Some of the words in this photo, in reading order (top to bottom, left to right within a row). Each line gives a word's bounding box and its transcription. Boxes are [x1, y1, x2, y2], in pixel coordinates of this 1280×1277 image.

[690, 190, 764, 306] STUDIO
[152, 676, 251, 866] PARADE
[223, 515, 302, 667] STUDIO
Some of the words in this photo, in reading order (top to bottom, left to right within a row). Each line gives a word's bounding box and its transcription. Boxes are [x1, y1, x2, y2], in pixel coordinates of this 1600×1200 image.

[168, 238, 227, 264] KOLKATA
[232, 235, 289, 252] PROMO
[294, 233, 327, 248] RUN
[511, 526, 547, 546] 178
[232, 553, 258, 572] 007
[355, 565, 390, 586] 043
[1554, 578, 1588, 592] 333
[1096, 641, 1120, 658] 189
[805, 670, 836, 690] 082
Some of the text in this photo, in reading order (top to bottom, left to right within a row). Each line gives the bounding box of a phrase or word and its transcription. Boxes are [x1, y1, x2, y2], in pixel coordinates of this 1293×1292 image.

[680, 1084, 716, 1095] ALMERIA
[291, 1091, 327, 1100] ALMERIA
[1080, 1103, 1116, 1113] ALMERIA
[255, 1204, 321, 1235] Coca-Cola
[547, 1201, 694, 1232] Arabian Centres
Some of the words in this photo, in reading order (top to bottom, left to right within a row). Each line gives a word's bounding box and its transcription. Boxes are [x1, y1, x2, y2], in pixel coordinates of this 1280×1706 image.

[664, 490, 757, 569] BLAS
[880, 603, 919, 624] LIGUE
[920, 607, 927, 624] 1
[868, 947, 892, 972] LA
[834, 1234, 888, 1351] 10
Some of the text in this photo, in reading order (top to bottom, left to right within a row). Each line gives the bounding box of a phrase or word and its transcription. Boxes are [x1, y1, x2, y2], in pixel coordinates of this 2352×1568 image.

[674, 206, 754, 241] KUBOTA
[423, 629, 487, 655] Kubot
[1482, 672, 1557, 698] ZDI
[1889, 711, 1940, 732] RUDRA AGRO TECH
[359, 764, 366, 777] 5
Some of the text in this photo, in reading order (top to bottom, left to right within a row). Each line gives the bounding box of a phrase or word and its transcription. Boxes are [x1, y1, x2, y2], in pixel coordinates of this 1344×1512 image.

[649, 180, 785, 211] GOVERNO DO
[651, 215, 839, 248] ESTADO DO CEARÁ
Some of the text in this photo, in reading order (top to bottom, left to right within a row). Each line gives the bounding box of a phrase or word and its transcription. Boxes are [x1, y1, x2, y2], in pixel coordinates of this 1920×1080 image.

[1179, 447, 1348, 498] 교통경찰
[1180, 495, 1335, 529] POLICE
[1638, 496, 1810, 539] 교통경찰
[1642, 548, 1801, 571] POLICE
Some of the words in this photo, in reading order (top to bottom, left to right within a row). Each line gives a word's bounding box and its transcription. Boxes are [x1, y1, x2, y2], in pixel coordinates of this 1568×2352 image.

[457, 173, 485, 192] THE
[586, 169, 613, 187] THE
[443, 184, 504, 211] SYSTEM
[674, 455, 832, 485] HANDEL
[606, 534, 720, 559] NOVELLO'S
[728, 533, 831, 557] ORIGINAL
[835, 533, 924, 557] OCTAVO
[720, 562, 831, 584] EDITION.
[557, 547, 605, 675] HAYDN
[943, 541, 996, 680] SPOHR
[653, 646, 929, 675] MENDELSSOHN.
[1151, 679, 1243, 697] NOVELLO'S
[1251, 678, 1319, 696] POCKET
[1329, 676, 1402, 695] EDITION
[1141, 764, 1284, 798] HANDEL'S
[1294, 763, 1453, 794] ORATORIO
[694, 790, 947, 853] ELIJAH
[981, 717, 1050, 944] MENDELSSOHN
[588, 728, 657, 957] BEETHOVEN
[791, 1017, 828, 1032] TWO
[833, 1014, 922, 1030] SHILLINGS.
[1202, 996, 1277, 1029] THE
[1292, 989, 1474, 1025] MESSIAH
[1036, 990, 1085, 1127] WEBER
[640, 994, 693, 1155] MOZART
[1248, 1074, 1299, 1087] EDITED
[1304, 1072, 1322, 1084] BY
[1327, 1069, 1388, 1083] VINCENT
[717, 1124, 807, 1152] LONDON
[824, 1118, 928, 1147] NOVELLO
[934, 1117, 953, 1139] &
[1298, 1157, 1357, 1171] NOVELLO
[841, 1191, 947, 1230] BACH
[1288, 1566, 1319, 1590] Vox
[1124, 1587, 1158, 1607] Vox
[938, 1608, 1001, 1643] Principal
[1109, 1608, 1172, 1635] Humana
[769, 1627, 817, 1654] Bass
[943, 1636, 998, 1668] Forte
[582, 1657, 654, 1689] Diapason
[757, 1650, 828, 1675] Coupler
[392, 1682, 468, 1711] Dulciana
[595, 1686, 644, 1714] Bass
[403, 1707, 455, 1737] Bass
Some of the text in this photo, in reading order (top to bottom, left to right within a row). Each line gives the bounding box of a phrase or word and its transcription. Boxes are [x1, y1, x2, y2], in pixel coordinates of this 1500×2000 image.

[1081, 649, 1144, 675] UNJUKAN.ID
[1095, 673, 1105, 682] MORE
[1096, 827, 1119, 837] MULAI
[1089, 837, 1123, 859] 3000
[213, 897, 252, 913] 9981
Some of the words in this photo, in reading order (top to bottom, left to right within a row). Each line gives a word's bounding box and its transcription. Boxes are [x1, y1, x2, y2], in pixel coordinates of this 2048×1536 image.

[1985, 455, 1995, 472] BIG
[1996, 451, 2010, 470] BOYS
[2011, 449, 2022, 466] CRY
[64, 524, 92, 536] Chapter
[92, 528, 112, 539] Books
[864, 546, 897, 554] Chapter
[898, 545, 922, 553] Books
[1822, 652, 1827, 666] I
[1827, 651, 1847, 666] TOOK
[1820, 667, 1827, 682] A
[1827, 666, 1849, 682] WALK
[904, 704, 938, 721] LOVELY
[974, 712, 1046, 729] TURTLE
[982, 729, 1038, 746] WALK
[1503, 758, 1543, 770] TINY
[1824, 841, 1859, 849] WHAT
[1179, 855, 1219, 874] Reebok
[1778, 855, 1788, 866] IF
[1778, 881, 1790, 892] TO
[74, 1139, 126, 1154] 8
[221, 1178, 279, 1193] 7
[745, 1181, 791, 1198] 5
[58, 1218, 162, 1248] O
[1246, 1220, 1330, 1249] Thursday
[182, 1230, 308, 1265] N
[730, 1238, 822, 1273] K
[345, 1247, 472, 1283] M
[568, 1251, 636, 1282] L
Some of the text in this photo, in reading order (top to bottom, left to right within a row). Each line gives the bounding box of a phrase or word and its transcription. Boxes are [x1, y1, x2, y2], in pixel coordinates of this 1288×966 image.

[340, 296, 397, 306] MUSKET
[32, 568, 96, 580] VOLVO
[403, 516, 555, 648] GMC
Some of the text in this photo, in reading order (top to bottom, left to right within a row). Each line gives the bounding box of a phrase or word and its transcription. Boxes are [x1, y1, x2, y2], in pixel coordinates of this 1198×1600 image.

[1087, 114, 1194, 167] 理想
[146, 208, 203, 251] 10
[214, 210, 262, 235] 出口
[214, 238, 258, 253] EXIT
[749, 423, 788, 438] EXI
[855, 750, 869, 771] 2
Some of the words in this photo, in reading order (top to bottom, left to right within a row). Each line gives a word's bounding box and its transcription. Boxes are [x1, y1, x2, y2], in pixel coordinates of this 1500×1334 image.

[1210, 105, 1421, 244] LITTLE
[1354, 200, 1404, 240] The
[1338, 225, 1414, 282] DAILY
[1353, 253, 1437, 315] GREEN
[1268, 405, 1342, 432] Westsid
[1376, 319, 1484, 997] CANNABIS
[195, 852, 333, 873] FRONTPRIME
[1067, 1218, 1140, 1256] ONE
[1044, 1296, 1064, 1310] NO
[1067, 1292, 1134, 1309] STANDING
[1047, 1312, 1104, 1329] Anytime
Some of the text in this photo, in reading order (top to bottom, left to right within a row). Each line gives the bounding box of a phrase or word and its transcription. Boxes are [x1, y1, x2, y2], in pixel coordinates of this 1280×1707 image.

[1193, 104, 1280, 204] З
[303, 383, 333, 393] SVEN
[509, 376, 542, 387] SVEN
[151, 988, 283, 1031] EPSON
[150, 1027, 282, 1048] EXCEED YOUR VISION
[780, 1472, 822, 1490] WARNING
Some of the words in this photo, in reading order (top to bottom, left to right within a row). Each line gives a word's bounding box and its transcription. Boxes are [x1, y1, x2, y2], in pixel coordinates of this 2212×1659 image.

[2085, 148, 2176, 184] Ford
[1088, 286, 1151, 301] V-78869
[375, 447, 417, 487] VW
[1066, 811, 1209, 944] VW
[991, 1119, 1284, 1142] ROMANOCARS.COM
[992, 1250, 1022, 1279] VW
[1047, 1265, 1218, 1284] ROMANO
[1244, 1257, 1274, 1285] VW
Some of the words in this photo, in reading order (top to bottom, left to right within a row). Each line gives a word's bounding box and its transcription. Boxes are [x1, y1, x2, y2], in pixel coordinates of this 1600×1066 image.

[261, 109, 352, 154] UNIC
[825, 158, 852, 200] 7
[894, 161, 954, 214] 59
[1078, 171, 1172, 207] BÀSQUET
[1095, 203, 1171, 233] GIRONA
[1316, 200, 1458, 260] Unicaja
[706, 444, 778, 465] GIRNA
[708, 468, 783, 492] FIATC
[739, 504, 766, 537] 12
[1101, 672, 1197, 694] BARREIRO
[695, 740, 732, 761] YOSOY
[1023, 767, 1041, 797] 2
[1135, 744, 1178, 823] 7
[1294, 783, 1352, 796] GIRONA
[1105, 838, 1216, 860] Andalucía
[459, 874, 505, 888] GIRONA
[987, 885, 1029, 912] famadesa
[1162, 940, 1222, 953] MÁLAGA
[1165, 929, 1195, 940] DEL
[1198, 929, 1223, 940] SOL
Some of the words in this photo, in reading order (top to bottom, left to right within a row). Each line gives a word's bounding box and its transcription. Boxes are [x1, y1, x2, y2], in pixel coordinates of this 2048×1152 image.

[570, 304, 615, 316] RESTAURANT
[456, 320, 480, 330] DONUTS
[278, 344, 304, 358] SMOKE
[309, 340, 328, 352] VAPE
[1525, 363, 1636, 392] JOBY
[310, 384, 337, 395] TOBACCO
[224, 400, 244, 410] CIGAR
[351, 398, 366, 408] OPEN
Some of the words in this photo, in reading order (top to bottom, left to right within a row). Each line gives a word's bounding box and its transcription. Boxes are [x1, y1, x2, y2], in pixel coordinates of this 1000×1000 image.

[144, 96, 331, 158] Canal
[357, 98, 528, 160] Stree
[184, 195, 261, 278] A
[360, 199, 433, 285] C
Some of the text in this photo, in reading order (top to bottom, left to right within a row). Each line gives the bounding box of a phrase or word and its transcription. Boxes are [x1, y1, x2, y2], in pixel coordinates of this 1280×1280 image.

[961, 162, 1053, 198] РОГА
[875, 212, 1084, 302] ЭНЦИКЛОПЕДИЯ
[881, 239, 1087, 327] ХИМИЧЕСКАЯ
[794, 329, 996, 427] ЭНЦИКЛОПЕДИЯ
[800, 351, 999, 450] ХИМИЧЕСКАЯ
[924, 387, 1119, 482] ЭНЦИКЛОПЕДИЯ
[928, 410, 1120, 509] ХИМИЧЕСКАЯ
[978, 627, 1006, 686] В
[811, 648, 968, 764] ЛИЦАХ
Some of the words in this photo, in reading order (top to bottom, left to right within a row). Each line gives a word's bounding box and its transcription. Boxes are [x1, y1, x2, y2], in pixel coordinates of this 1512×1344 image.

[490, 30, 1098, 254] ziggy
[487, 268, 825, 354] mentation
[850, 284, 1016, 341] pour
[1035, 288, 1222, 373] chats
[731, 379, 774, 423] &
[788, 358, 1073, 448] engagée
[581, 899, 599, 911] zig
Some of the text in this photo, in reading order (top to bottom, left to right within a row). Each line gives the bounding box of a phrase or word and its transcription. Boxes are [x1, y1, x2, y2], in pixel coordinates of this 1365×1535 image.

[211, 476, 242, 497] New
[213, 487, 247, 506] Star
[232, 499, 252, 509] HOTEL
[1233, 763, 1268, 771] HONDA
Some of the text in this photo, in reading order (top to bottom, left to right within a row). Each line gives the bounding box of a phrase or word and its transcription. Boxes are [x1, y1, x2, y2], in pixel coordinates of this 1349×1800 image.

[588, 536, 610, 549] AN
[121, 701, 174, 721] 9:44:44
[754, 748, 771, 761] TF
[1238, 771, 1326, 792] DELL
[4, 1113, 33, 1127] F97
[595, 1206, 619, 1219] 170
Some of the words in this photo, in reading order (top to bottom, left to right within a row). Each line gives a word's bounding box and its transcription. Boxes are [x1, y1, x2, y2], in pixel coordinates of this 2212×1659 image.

§ Assigned task
The expected output is a verbatim retyping of each line from the one with "this 1512×1344 image." to the end of the listing above, with both end lines kept and nothing added.

§ Output below
Some of the words in this photo, in reading order (top to bottom, left to right within a row). Each line gives a word's bounding box and its transcription. Boxes are [x1, y1, x2, y2], in pixel coordinates of this 1512×1344 image.

[490, 30, 1098, 254] ziggy
[487, 268, 825, 354] mentation
[850, 284, 1016, 341] pour
[1035, 288, 1222, 373] chats
[731, 379, 774, 423] &
[788, 358, 1073, 448] engagée
[581, 899, 599, 911] zig
Some of the text in this photo, in reading order (top to bottom, left to right within a row). Each line gives the bounding box of a phrase or word and its transcription. Boxes are [x1, y1, x2, y2], in pixel coordinates of this 1365×1535 image.

[211, 476, 242, 497] New
[213, 487, 247, 506] Star
[232, 499, 252, 509] HOTEL
[1233, 763, 1268, 771] HONDA
Some of the text in this photo, in reading order (top to bottom, left to right within a row). Each line gives the bounding box of a phrase or word and its transcription. Boxes are [x1, y1, x2, y2], in pixel coordinates of this 1349×1800 image.

[588, 536, 610, 549] AN
[121, 701, 174, 721] 9:44:44
[754, 748, 771, 761] TF
[1238, 771, 1326, 792] DELL
[4, 1113, 33, 1127] F97
[595, 1206, 619, 1219] 170
Some of the words in this photo, in reading order (top to bottom, left to right within a row). Each line gives a word's bounding box and its transcription. Boxes are [x1, y1, x2, y2], in pixel coordinates of this 2212×1659 image.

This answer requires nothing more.